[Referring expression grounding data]
* * *

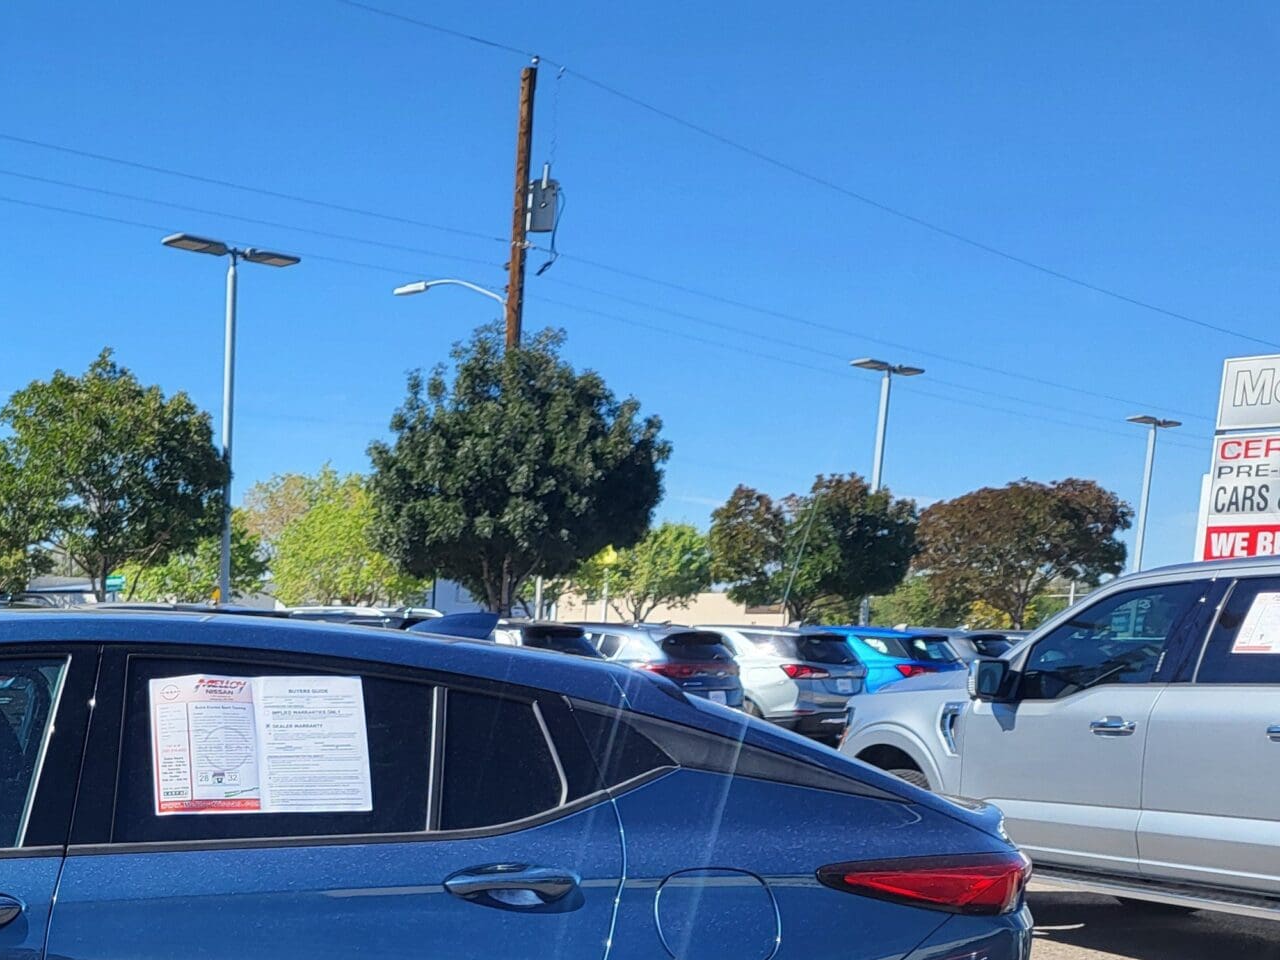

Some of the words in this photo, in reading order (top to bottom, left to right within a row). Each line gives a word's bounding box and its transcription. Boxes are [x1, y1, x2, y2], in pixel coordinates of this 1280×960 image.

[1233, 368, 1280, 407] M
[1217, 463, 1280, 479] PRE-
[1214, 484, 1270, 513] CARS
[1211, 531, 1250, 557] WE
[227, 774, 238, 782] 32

* * *

Set down the entries above again exactly, minus any image.

Some of the words in this photo, in reading order (top to bottom, left to right within a row). Each line gives a word's bounding box and its transcription. Boxes are [x1, y1, x2, y2], in pixel coordinates of this 1280×960 image.

[1233, 368, 1280, 407] M
[1217, 463, 1280, 479] PRE-
[1214, 484, 1270, 513] CARS
[1211, 531, 1250, 557] WE
[227, 774, 238, 782] 32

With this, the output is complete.